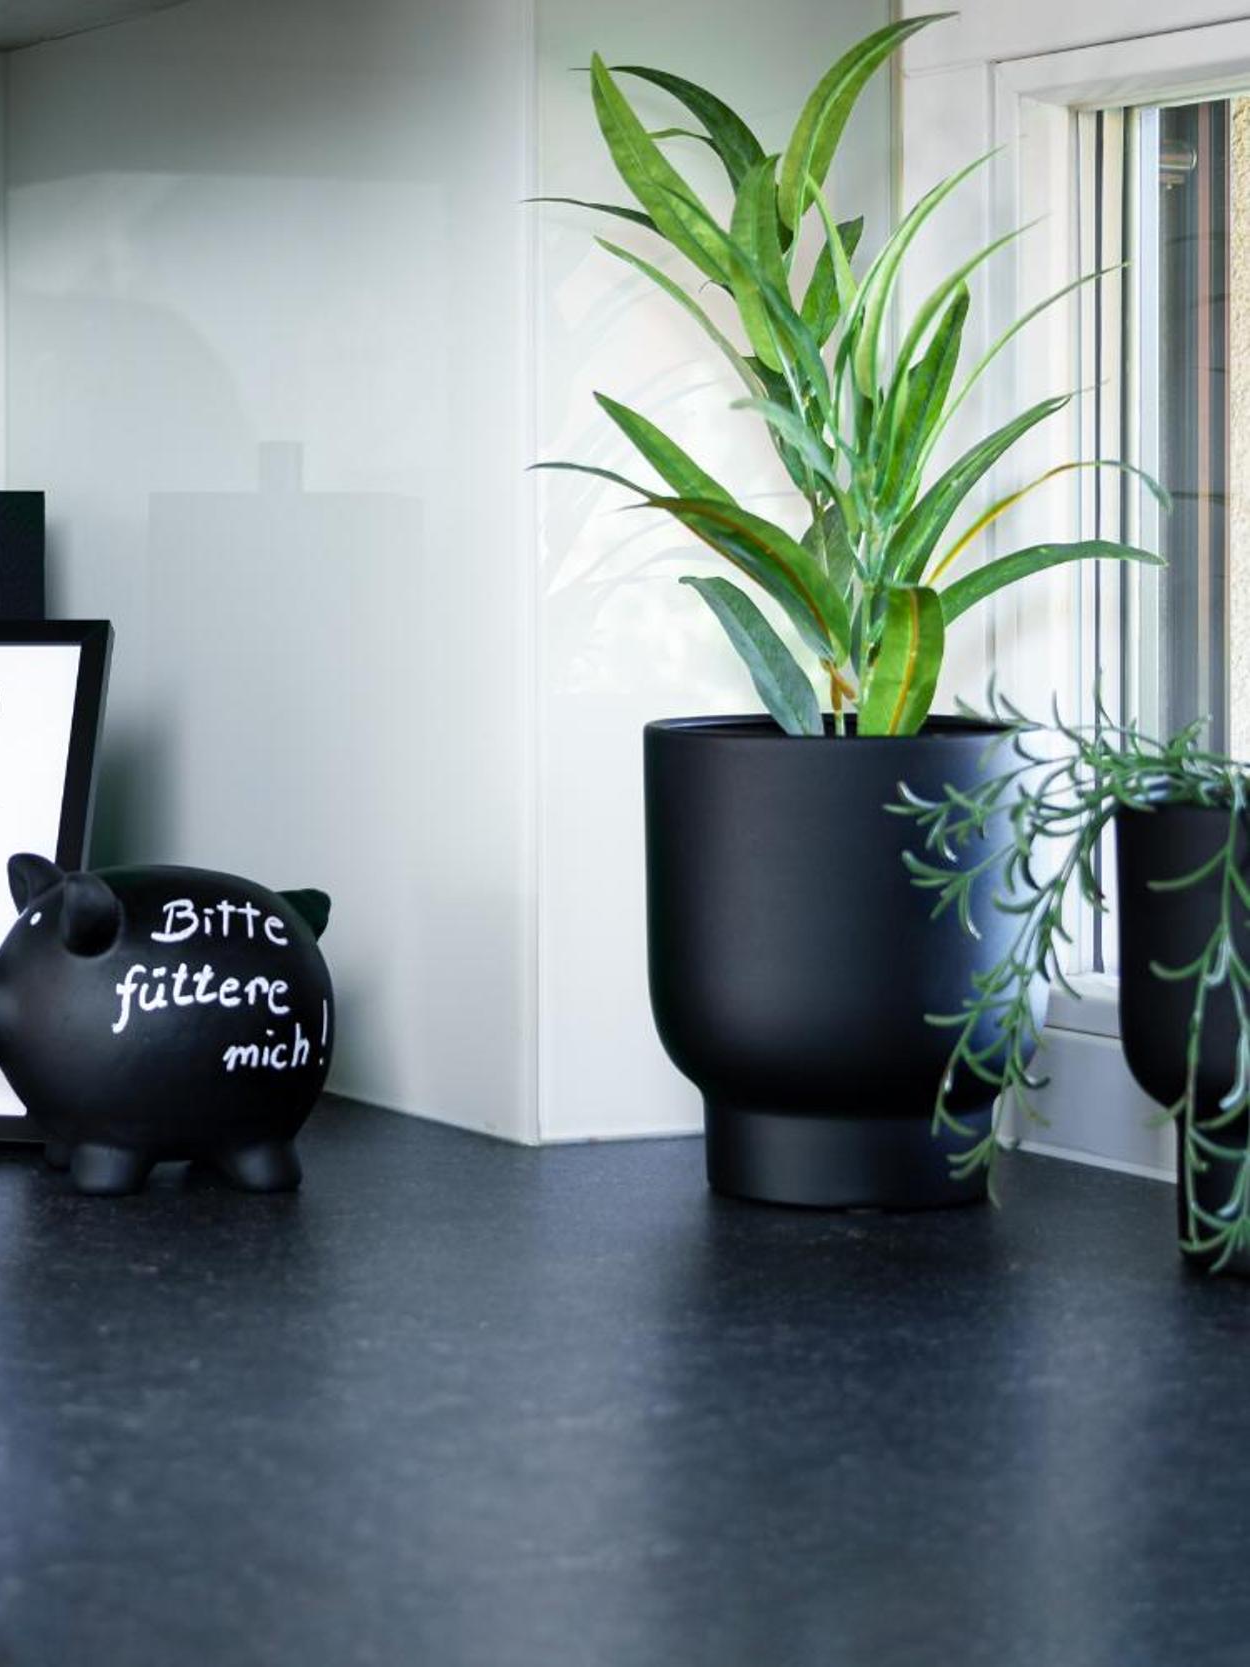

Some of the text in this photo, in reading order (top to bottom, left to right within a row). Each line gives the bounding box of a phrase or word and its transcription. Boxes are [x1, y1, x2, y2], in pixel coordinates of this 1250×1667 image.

[150, 898, 289, 946] Bitte
[111, 962, 291, 1034] füttere
[222, 999, 328, 1072] mich!
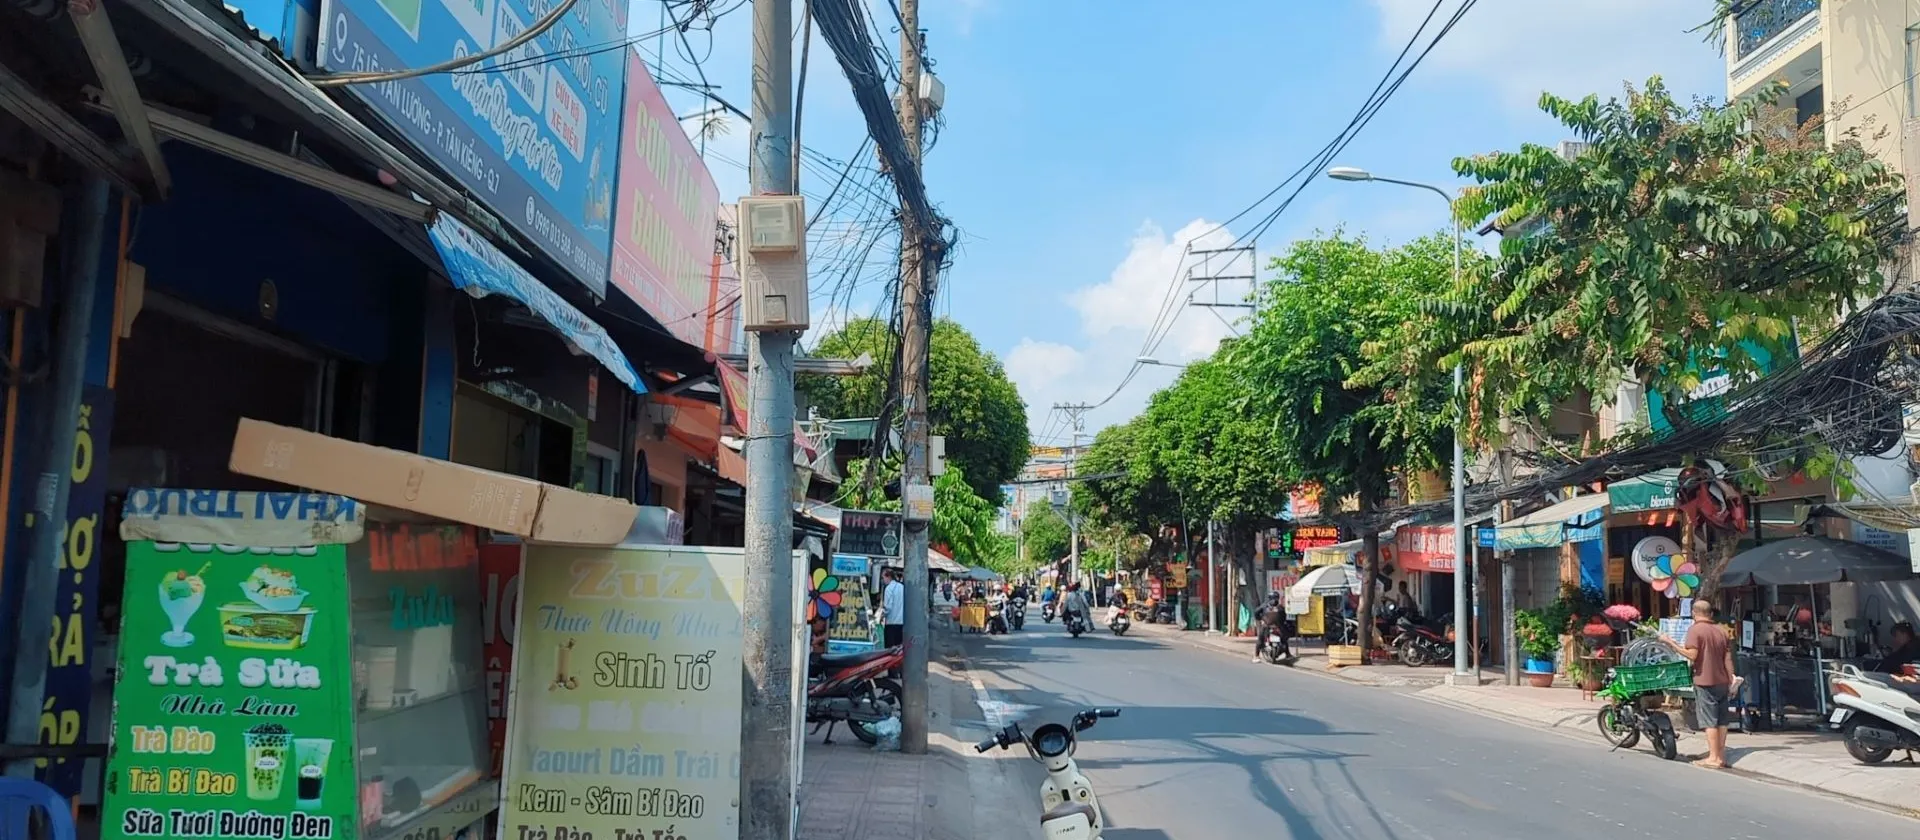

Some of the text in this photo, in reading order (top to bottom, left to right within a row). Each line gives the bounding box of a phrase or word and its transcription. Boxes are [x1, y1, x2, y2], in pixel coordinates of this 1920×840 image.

[350, 42, 364, 72] 75
[401, 90, 432, 134] LƯƠNG
[446, 126, 460, 162] TÂN
[488, 168, 500, 194] Q.7
[552, 108, 561, 133] XE
[636, 101, 670, 193] CƠM
[550, 223, 560, 248] 013
[631, 187, 674, 278] BÁNH
[71, 404, 93, 483] Ỗ
[255, 493, 356, 521] KHAI
[843, 515, 880, 530] THỤY
[569, 558, 743, 600] ZuZu
[143, 655, 321, 690] Trà Sữa
[594, 650, 716, 691] Sinh Tố
[160, 694, 299, 718] Nhà Làm
[131, 724, 215, 754] Trà Đào
[526, 746, 600, 775] Yaourt
[609, 744, 664, 777] Dầm
[674, 749, 720, 779] Trái
[128, 767, 238, 797] Trà Bí Đao
[519, 784, 566, 813] Kem
[585, 785, 632, 815] Sâm
[636, 788, 661, 817] Bí
[663, 789, 704, 818] Đao
[124, 810, 331, 840] Sữa Tươi Đường Đen

Exercise details - Output the material above exactly as written and drop any images it holds.

Exercise response -
Some of the text in this photo, in reading order (top to bottom, left to right within a row). Each line gives the bounding box of a phrase or word and its transcription. Boxes are [x1, y1, x2, y2], in pixel coordinates of this 1250×1667 image.

[150, 898, 289, 946] Bitte
[111, 962, 291, 1034] füttere
[222, 999, 328, 1072] mich!

Some of the text in this photo, in reading order (top to bottom, left to right within a row). Each line gives the bounding box of a phrase or word and its transcription. Boxes are [x1, y1, x2, y2], in pixel coordinates of this 1920×840 image.

[350, 42, 364, 72] 75
[401, 90, 432, 134] LƯƠNG
[446, 126, 460, 162] TÂN
[488, 168, 500, 194] Q.7
[552, 108, 561, 133] XE
[636, 101, 670, 193] CƠM
[550, 223, 560, 248] 013
[631, 187, 674, 278] BÁNH
[71, 404, 93, 483] Ỗ
[255, 493, 356, 521] KHAI
[843, 515, 880, 530] THỤY
[569, 558, 743, 600] ZuZu
[143, 655, 321, 690] Trà Sữa
[594, 650, 716, 691] Sinh Tố
[160, 694, 299, 718] Nhà Làm
[131, 724, 215, 754] Trà Đào
[526, 746, 600, 775] Yaourt
[609, 744, 664, 777] Dầm
[674, 749, 720, 779] Trái
[128, 767, 238, 797] Trà Bí Đao
[519, 784, 566, 813] Kem
[585, 785, 632, 815] Sâm
[636, 788, 661, 817] Bí
[663, 789, 704, 818] Đao
[124, 810, 331, 840] Sữa Tươi Đường Đen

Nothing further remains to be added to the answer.